THE PROBLEM: Give back an exact copy of the entries beneath, minus the pictures.

EXCERPTED DATA:
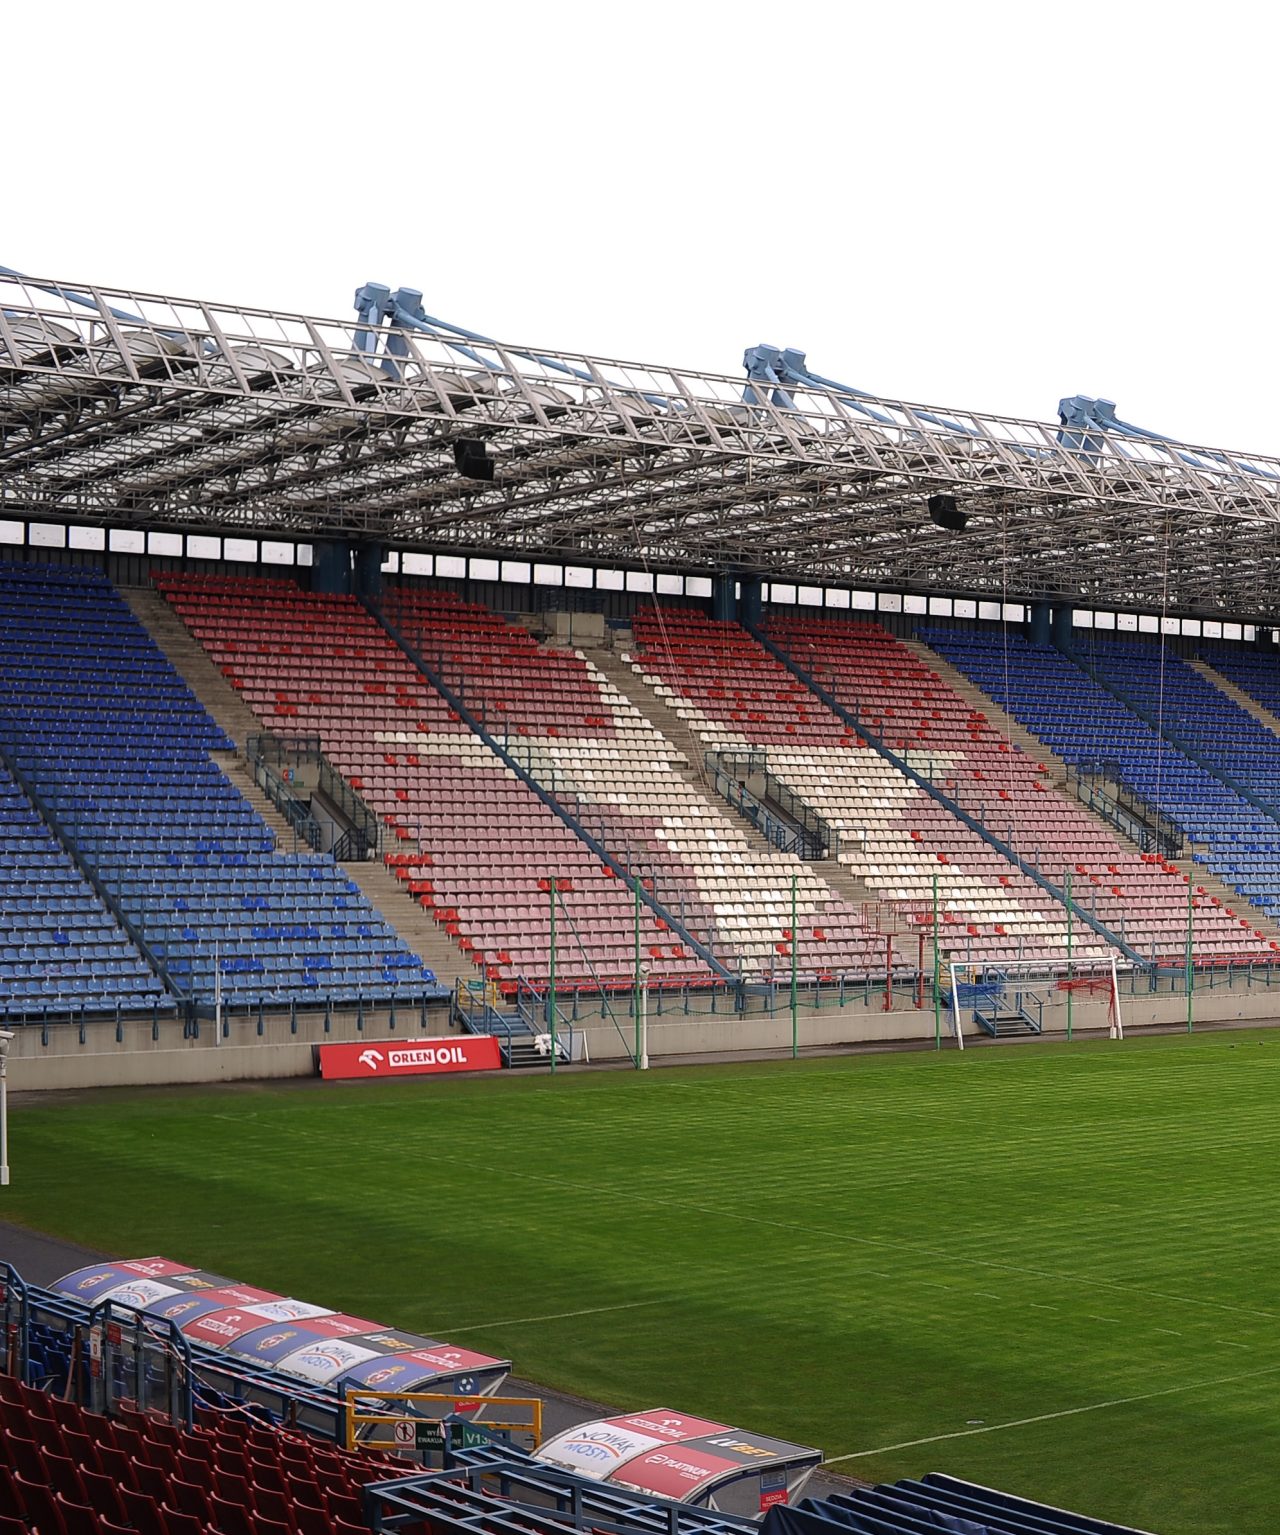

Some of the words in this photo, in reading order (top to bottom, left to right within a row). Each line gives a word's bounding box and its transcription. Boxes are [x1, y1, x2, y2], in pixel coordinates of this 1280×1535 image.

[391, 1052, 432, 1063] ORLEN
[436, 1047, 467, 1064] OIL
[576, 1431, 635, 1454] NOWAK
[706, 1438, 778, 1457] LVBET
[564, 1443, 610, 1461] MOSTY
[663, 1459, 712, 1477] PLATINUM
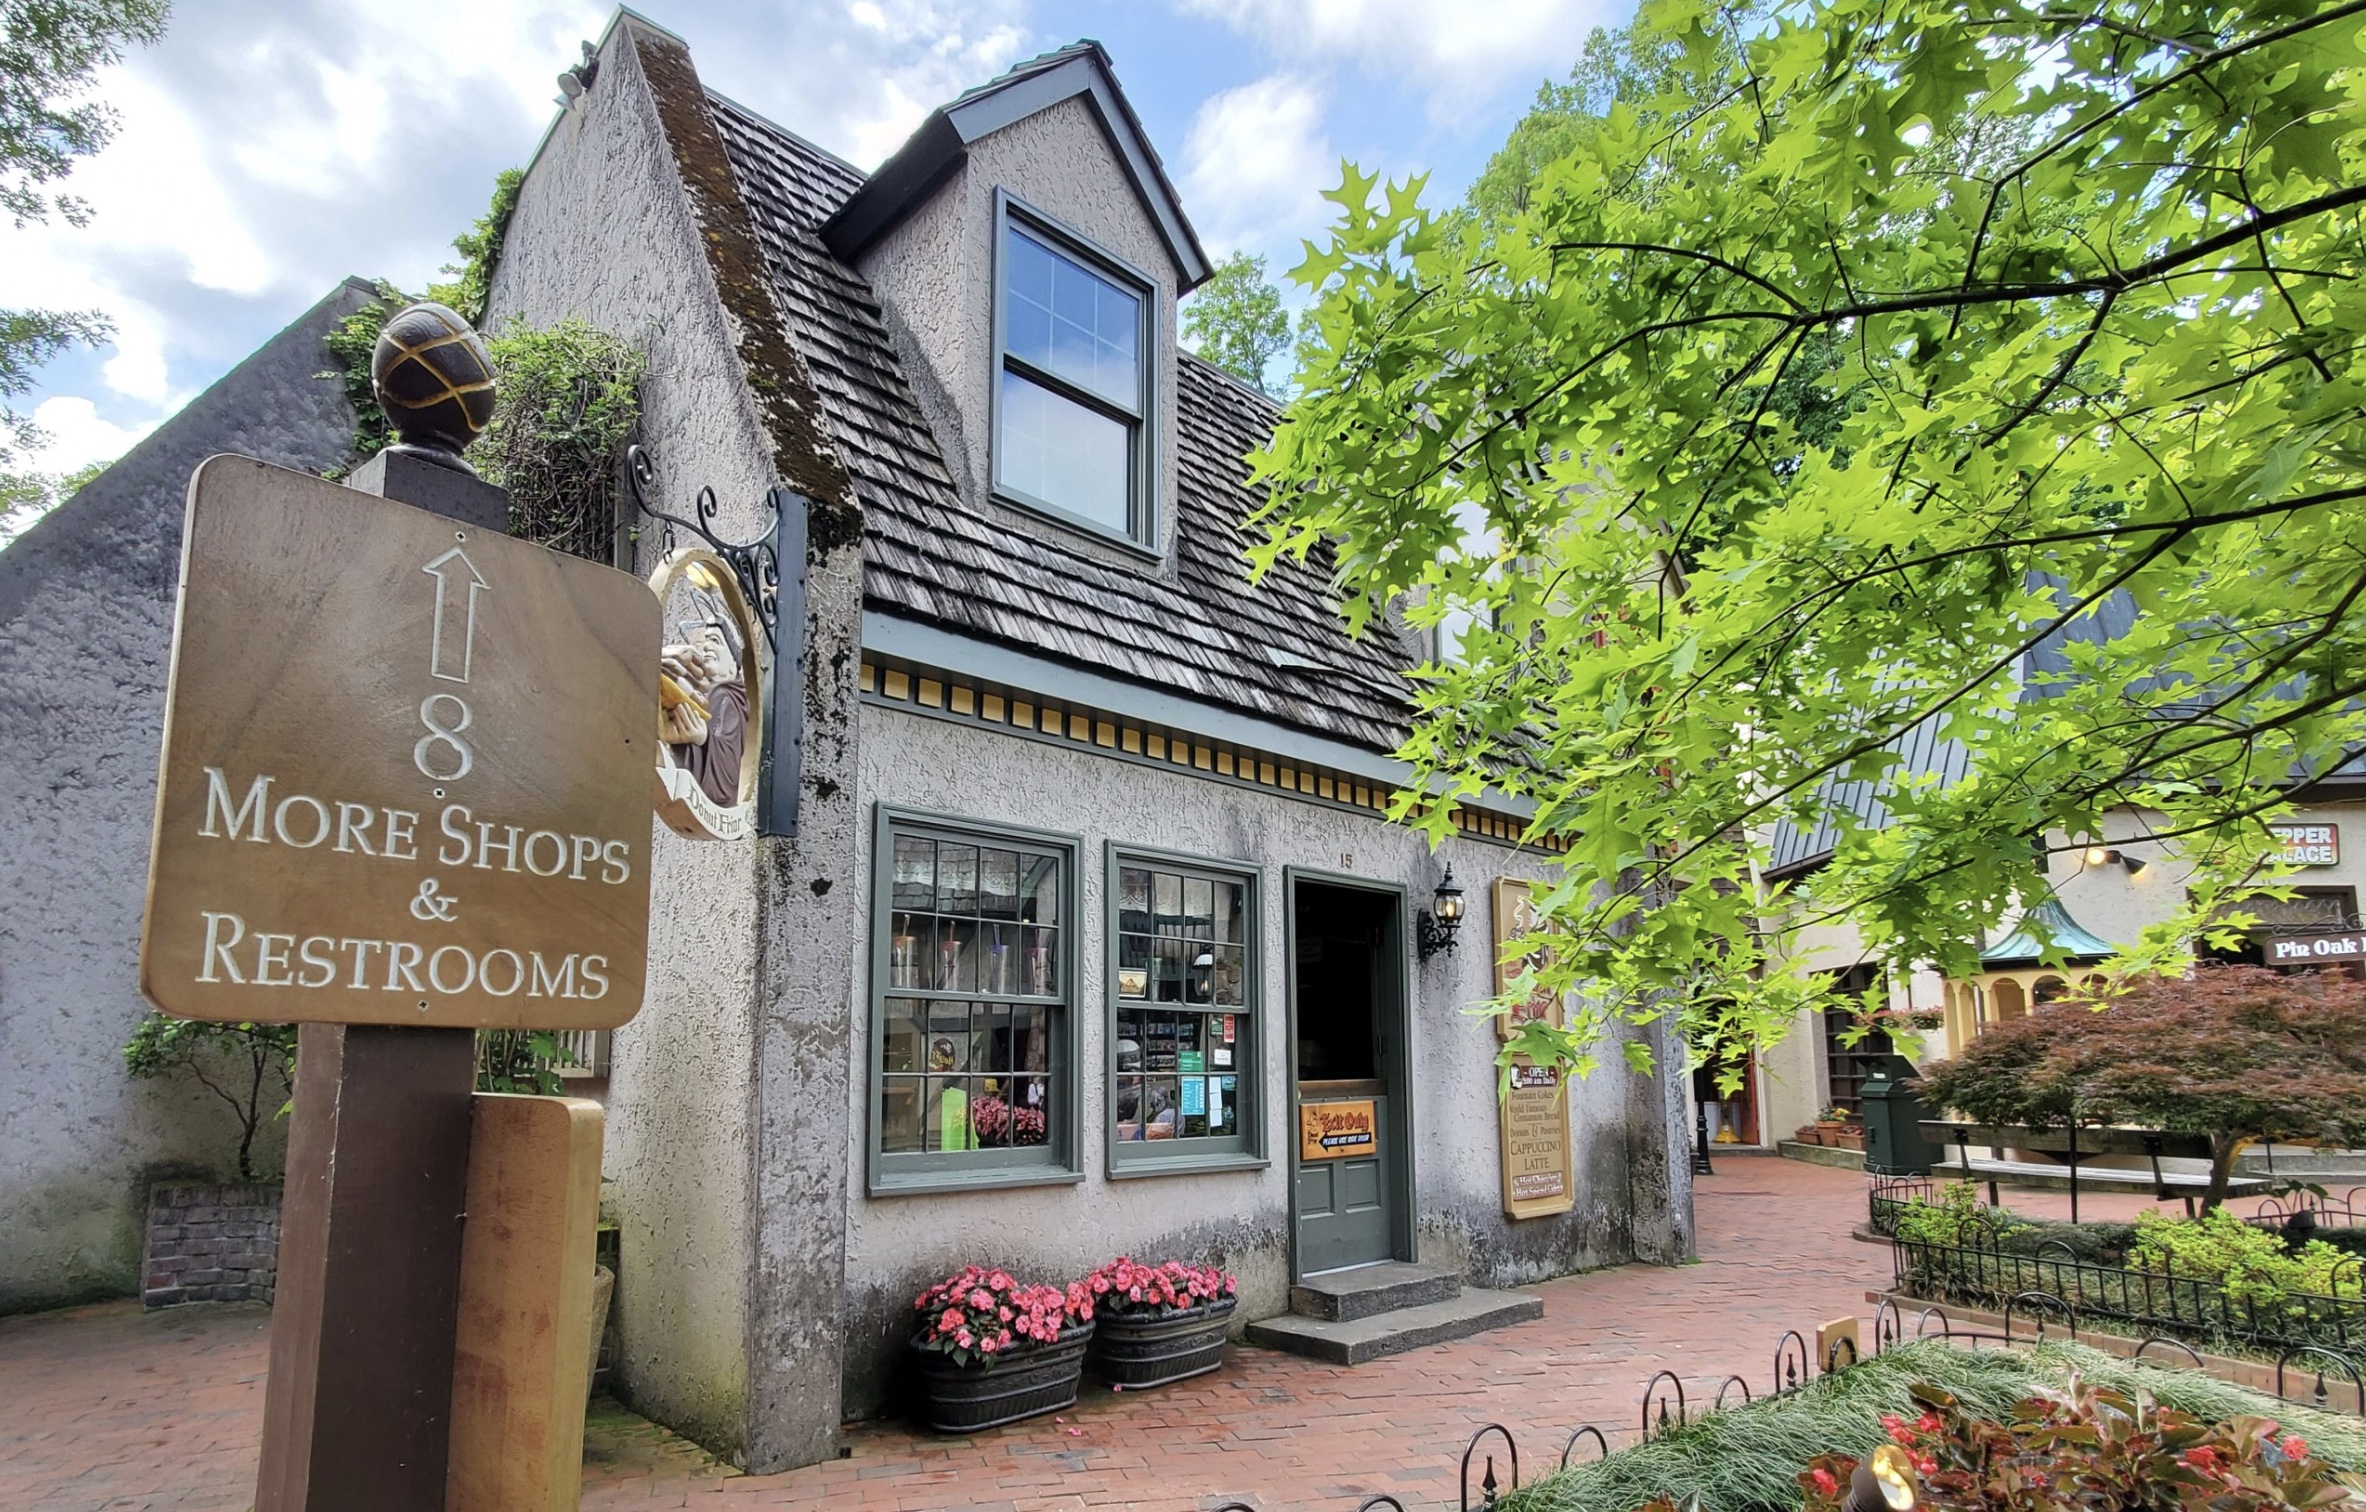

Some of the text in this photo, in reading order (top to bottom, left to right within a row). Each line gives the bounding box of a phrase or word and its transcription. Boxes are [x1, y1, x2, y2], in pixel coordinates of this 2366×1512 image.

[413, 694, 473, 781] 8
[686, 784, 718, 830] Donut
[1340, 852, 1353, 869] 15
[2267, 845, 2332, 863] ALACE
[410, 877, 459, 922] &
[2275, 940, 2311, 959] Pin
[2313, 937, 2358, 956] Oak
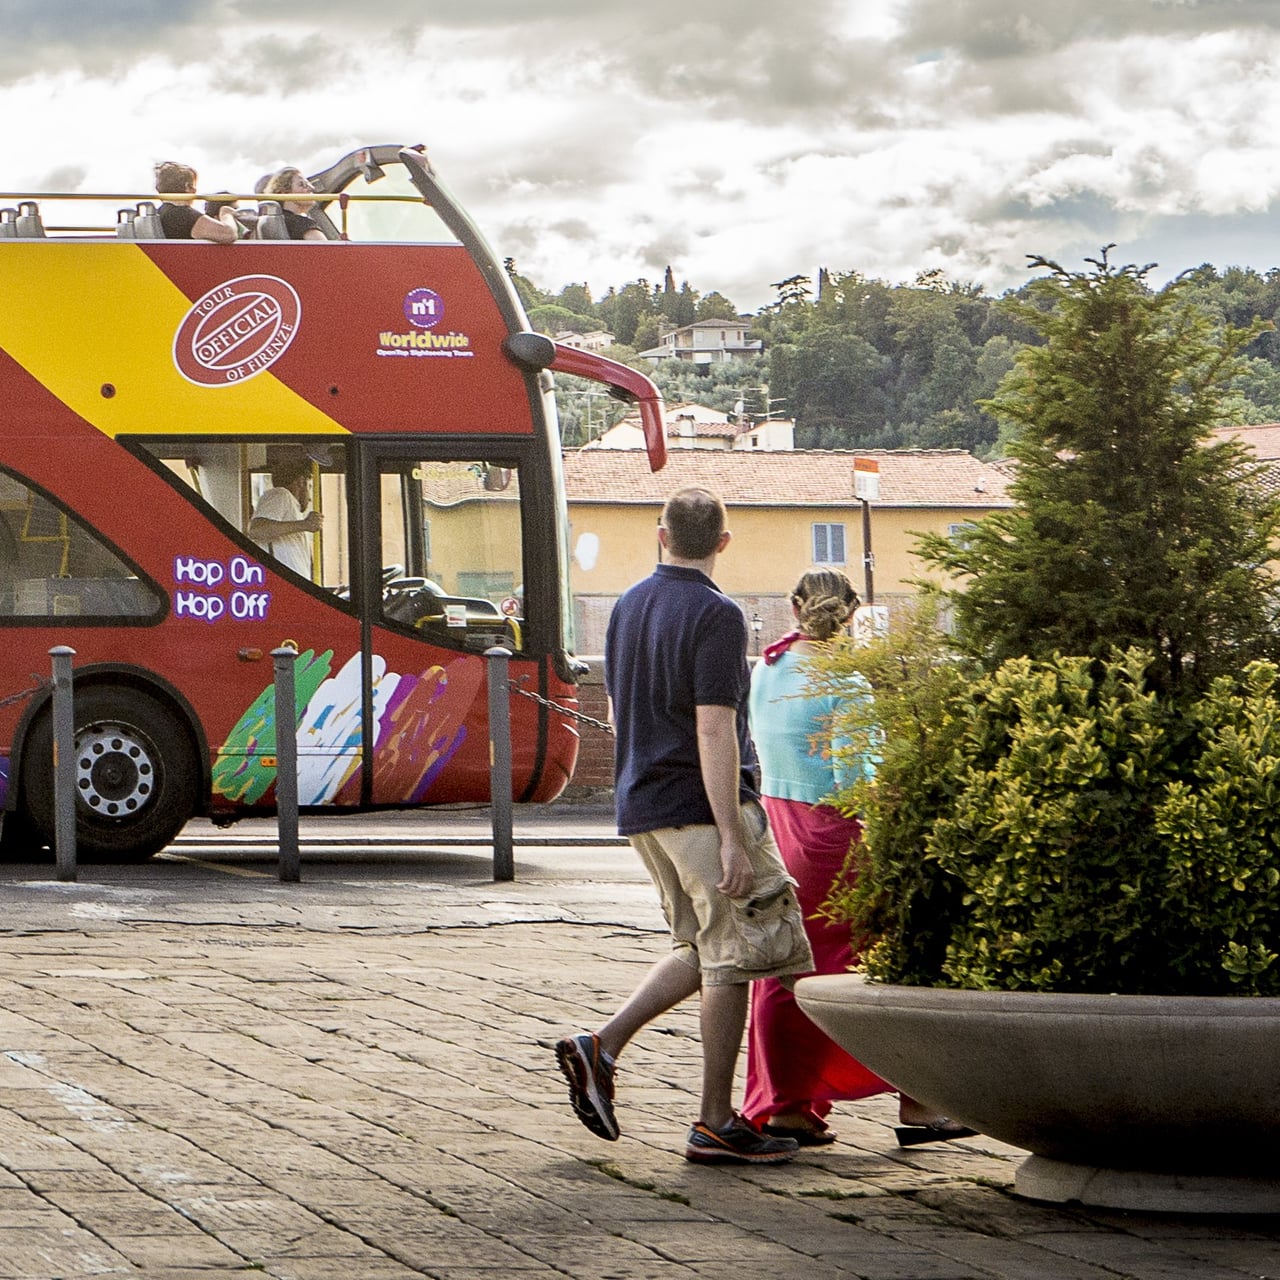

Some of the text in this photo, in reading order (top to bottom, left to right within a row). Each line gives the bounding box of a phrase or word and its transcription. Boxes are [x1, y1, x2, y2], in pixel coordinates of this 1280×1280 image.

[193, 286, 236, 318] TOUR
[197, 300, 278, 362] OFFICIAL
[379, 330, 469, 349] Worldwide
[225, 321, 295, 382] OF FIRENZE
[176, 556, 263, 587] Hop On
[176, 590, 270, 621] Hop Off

TASK RESULT:
Some of the words in this photo, in reading order (top to bottom, left to right within a row). Each line gives a word's bounding box and its transcription. Boxes are [x1, y1, x2, y2], in pixel coordinates of this 1280×1535 image.

[391, 1052, 432, 1063] ORLEN
[436, 1047, 467, 1064] OIL
[576, 1431, 635, 1454] NOWAK
[706, 1438, 778, 1457] LVBET
[564, 1443, 610, 1461] MOSTY
[663, 1459, 712, 1477] PLATINUM

Some of the text in this photo, in reading order (top to bottom, left to right within a row). Each line gives the bounding box of a phrase or word and its transcription. Boxes are [x1, y1, x2, y2], in pixel coordinates of this 2366×1512 image.

[413, 694, 473, 781] 8
[686, 784, 718, 830] Donut
[1340, 852, 1353, 869] 15
[2267, 845, 2332, 863] ALACE
[410, 877, 459, 922] &
[2275, 940, 2311, 959] Pin
[2313, 937, 2358, 956] Oak

Some of the text in this photo, in reading order (top to bottom, left to right within a row). Each line gives the bounding box of a phrase or word and its transcription. Boxes are [x1, y1, x2, y2], in pixel coordinates of this 1280×1280 image.

[193, 286, 236, 318] TOUR
[197, 300, 278, 362] OFFICIAL
[379, 330, 469, 349] Worldwide
[225, 321, 295, 382] OF FIRENZE
[176, 556, 263, 587] Hop On
[176, 590, 270, 621] Hop Off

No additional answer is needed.